(Dataset entries)

· · · · ·

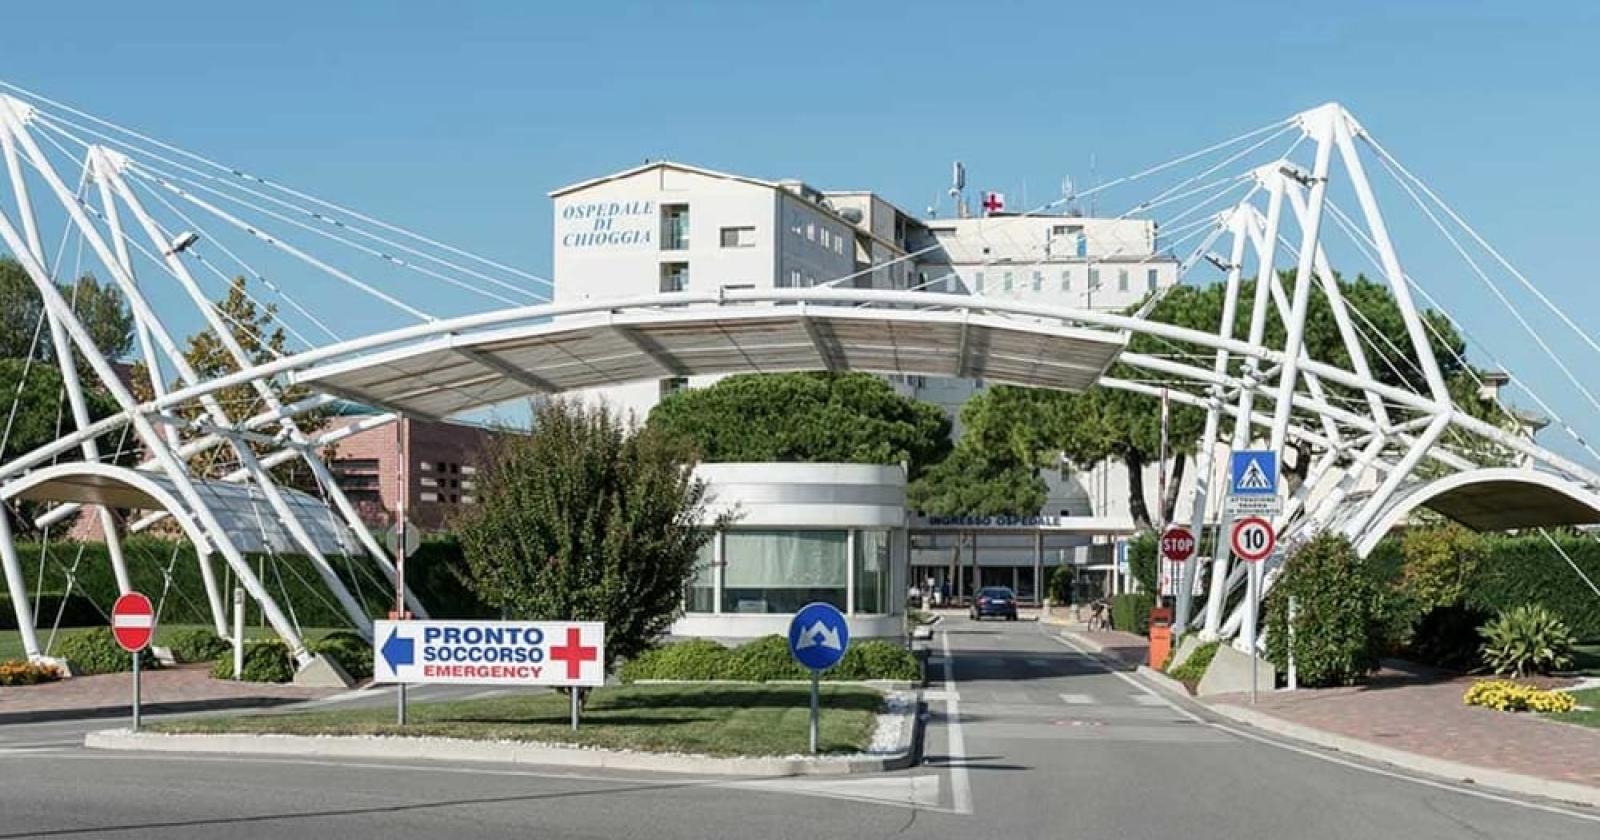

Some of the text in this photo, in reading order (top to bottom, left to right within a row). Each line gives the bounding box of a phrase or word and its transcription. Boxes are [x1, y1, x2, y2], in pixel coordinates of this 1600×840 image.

[563, 201, 654, 218] OSPEDALE
[593, 218, 612, 231] DI
[562, 230, 652, 247] CHIOGGIA
[929, 516, 1061, 526] INGRESSO OSPEDALE
[1163, 538, 1193, 552] STOP
[1244, 529, 1265, 549] 10
[423, 627, 544, 645] PRONTO
[423, 646, 544, 663] SOCCORSO
[423, 665, 542, 679] EMERGENCY
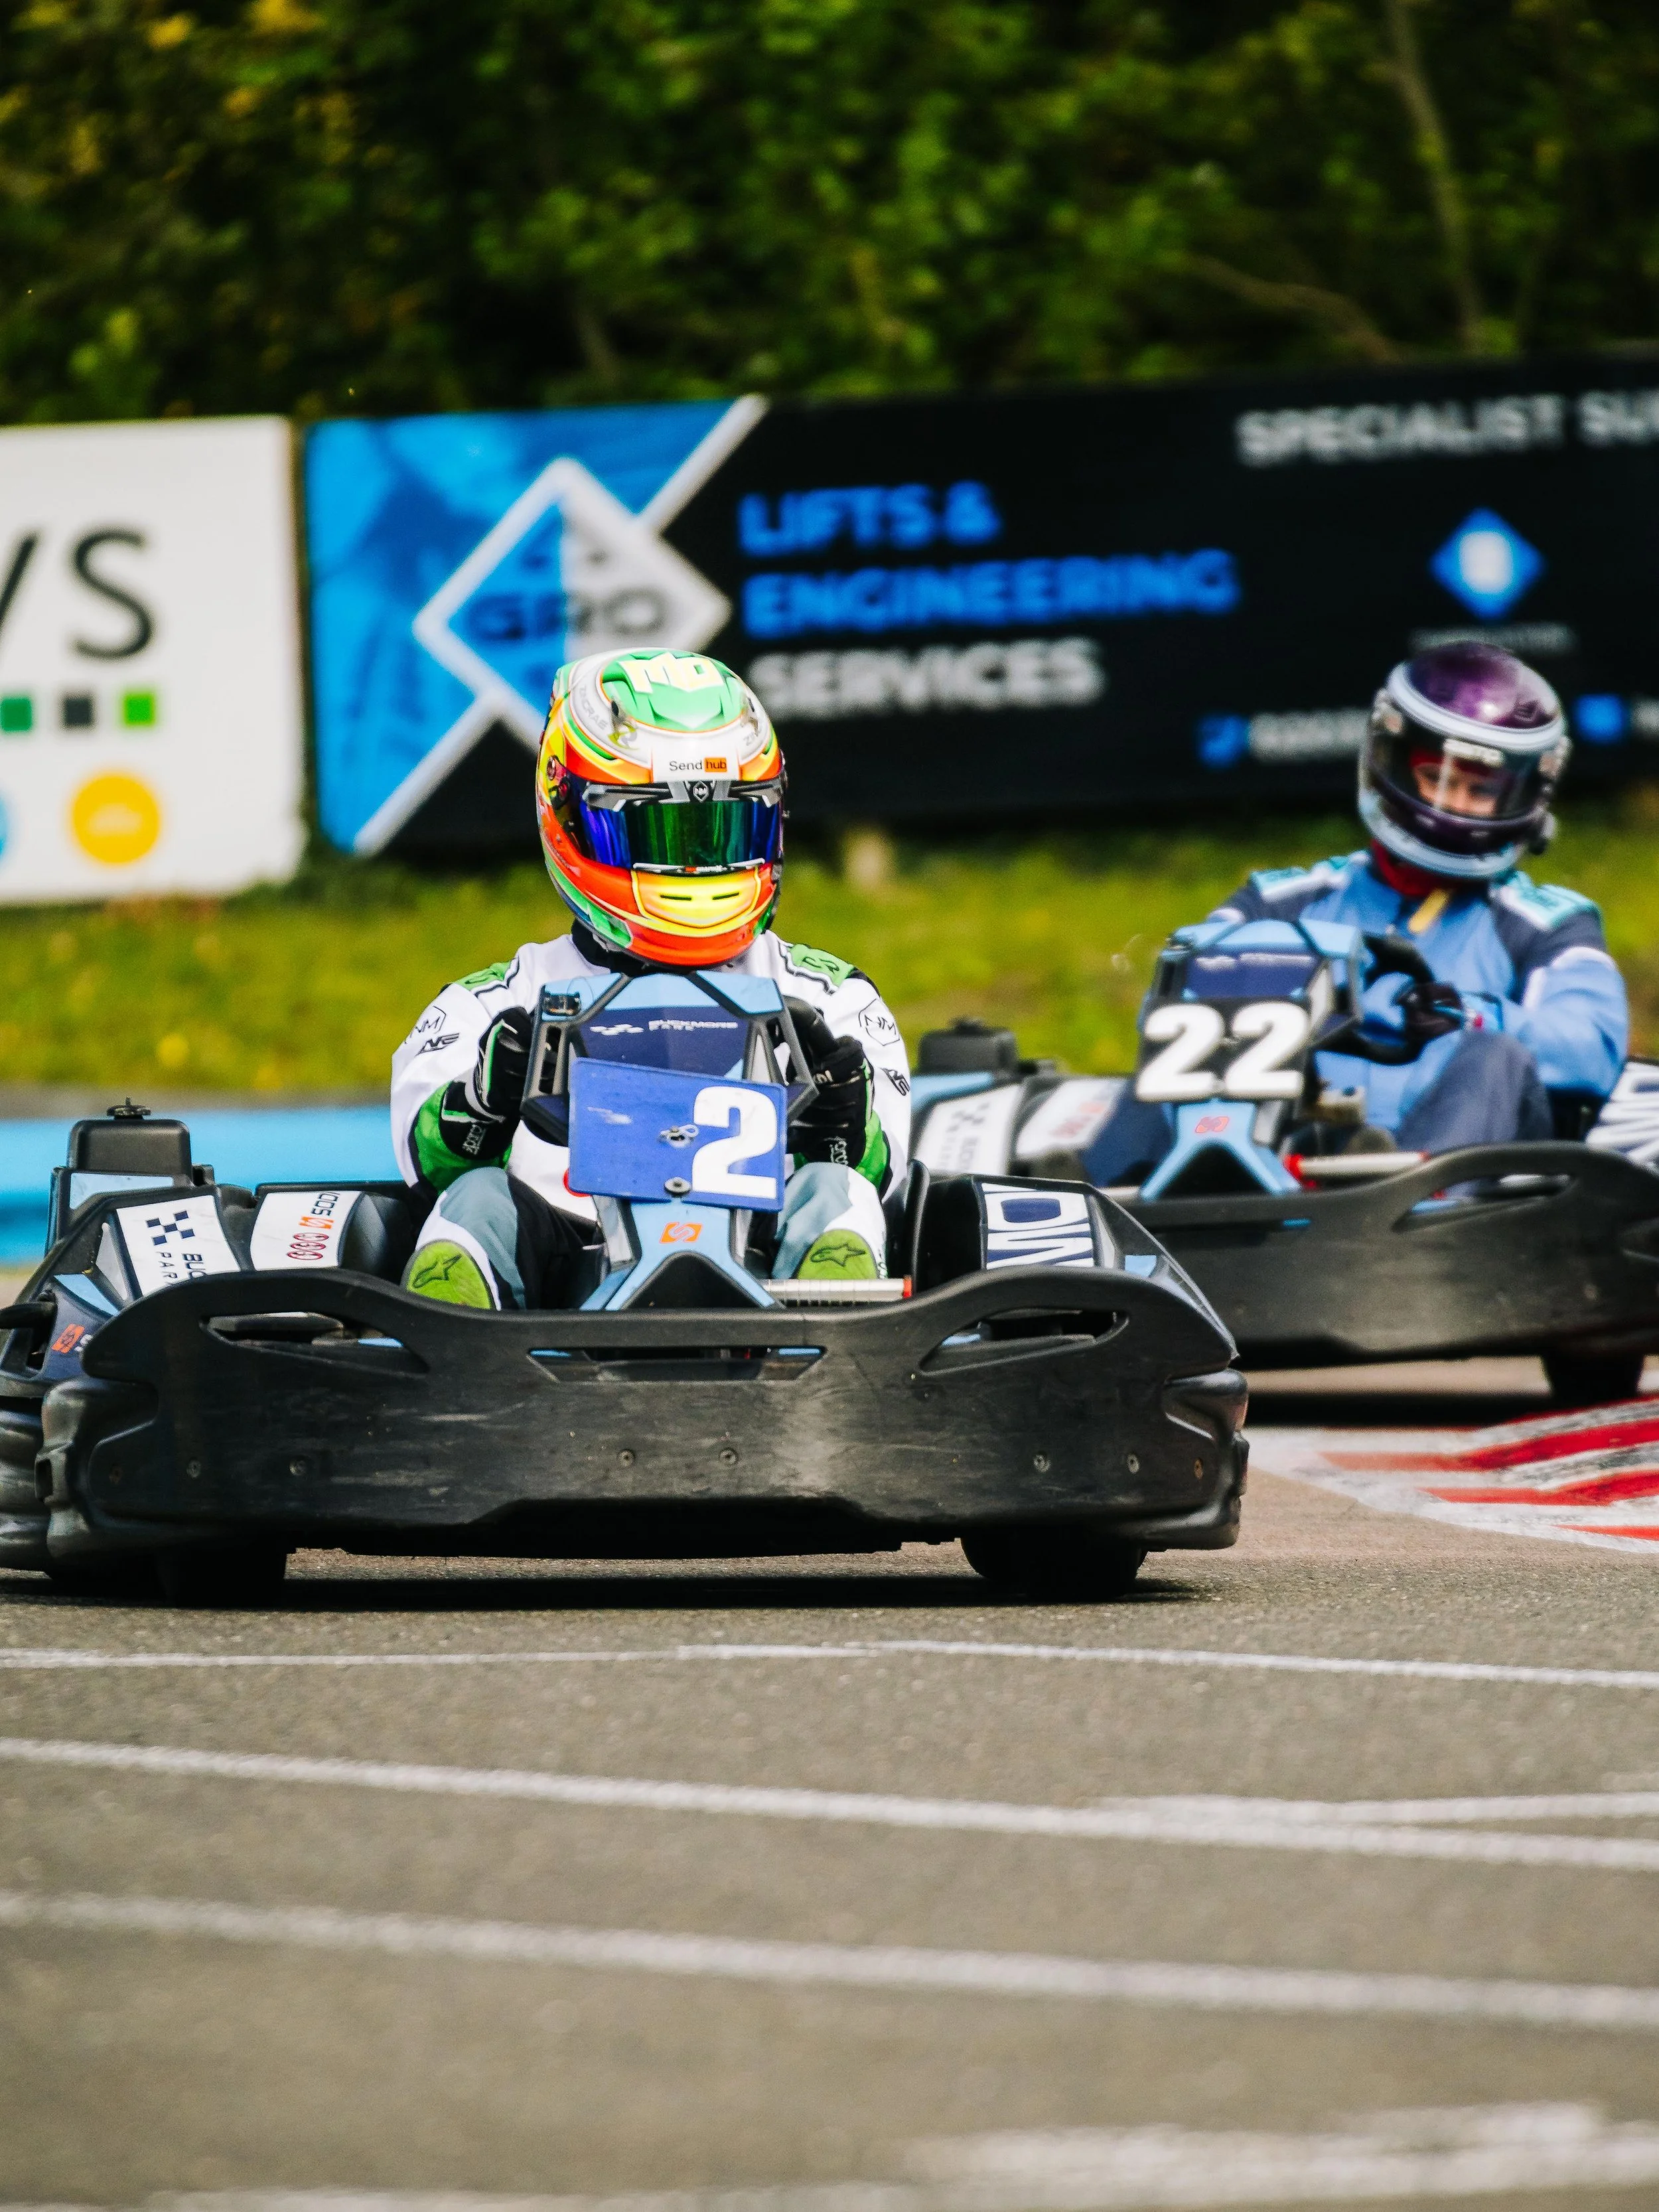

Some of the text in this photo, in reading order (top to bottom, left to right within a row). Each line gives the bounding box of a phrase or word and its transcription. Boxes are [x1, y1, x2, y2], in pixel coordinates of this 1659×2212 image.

[1238, 398, 1561, 463] SPECIALIST
[741, 480, 999, 553] LIFTS &
[745, 550, 1236, 635] ENGINEERING
[753, 639, 1099, 717] SERVICES
[669, 758, 727, 771] Send hub
[1137, 1003, 1307, 1100] 22
[691, 1086, 778, 1199] 2

· · · · ·

• TASK
Pictures do not belong in the copy. Output all of the records exactly.

• OUTPUT FOR THIS EXERCISE
Some of the text in this photo, in reading order (top to bottom, left to right within a row). Each line gives the bounding box of a phrase or word and its transcription. Boxes are [x1, y1, x2, y2], in pixel coordinates of this 1600×840 image.

[563, 201, 654, 218] OSPEDALE
[593, 218, 612, 231] DI
[562, 230, 652, 247] CHIOGGIA
[929, 516, 1061, 526] INGRESSO OSPEDALE
[1163, 538, 1193, 552] STOP
[1244, 529, 1265, 549] 10
[423, 627, 544, 645] PRONTO
[423, 646, 544, 663] SOCCORSO
[423, 665, 542, 679] EMERGENCY

Some of the text in this photo, in reading order (top to bottom, left to right within a row). Each line gives the bounding box of a phrase or word and its transcription. Boxes are [x1, y1, x2, y2], in pixel coordinates of this 1659×2212 image.

[1238, 398, 1561, 463] SPECIALIST
[741, 480, 999, 553] LIFTS &
[745, 550, 1236, 635] ENGINEERING
[753, 639, 1099, 717] SERVICES
[669, 758, 727, 771] Send hub
[1137, 1003, 1307, 1100] 22
[691, 1086, 778, 1199] 2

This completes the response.